### Exercise data
====
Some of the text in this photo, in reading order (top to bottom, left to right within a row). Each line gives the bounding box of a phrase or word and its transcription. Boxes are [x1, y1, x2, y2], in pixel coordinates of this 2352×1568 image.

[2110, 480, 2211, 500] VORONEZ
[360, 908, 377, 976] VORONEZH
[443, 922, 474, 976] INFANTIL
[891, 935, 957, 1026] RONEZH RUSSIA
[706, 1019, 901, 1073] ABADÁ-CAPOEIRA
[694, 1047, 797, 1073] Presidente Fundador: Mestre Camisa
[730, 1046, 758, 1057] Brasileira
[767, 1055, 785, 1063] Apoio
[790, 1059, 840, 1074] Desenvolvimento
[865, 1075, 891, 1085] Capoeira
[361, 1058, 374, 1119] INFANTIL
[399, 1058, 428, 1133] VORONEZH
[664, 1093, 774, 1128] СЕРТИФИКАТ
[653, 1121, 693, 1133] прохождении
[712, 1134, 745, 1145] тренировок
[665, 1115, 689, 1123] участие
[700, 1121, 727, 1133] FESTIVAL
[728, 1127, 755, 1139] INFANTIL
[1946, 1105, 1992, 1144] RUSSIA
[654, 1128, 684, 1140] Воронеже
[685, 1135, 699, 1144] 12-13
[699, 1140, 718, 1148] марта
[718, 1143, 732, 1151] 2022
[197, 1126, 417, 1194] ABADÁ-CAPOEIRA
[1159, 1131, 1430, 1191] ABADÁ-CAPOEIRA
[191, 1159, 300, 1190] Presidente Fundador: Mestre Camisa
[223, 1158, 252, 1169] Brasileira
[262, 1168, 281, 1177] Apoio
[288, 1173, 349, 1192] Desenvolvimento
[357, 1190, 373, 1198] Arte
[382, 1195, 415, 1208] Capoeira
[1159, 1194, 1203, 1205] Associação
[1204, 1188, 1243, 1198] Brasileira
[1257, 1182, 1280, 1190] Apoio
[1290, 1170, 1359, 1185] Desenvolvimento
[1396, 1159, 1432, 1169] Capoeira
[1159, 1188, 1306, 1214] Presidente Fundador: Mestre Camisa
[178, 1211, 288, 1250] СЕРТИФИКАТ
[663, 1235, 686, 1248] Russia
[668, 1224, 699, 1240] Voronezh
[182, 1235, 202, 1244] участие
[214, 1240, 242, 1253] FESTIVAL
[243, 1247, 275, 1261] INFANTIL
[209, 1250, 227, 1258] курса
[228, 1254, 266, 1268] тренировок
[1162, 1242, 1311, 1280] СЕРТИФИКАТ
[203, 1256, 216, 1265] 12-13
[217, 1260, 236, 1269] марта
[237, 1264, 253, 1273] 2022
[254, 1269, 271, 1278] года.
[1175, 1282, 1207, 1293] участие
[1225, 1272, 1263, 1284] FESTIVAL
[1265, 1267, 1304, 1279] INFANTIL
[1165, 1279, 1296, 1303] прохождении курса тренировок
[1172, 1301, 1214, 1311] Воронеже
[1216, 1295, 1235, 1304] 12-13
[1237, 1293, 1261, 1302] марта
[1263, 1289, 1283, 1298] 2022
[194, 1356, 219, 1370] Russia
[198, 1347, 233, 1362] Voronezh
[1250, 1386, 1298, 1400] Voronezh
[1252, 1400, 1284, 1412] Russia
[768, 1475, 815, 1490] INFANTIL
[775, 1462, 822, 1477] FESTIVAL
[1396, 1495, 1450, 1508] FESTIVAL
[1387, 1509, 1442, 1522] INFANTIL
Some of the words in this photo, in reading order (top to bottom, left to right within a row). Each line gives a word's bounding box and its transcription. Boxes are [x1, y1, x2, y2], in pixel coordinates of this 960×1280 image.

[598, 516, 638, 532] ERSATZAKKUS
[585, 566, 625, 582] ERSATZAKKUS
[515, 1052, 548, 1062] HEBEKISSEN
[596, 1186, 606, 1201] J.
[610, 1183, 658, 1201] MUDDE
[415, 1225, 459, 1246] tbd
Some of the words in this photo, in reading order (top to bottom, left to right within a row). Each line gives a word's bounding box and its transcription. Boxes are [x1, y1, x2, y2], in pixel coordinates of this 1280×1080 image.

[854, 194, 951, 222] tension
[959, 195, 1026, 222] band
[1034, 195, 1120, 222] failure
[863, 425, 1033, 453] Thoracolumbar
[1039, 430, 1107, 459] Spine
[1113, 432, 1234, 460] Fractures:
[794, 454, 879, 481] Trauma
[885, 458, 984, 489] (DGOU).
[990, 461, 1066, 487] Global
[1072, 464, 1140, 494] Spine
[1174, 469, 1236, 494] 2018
====
### Work instruction
Reproduce, unchanged, the line containing "this 1280×1080 image." and each line after it through the end of the listing above, and nothing else.

### Answer to this exercise
Some of the words in this photo, in reading order (top to bottom, left to right within a row). Each line gives a word's bounding box and its transcription. Boxes are [x1, y1, x2, y2], in pixel coordinates of this 1280×1080 image.

[854, 194, 951, 222] tension
[959, 195, 1026, 222] band
[1034, 195, 1120, 222] failure
[863, 425, 1033, 453] Thoracolumbar
[1039, 430, 1107, 459] Spine
[1113, 432, 1234, 460] Fractures:
[794, 454, 879, 481] Trauma
[885, 458, 984, 489] (DGOU).
[990, 461, 1066, 487] Global
[1072, 464, 1140, 494] Spine
[1174, 469, 1236, 494] 2018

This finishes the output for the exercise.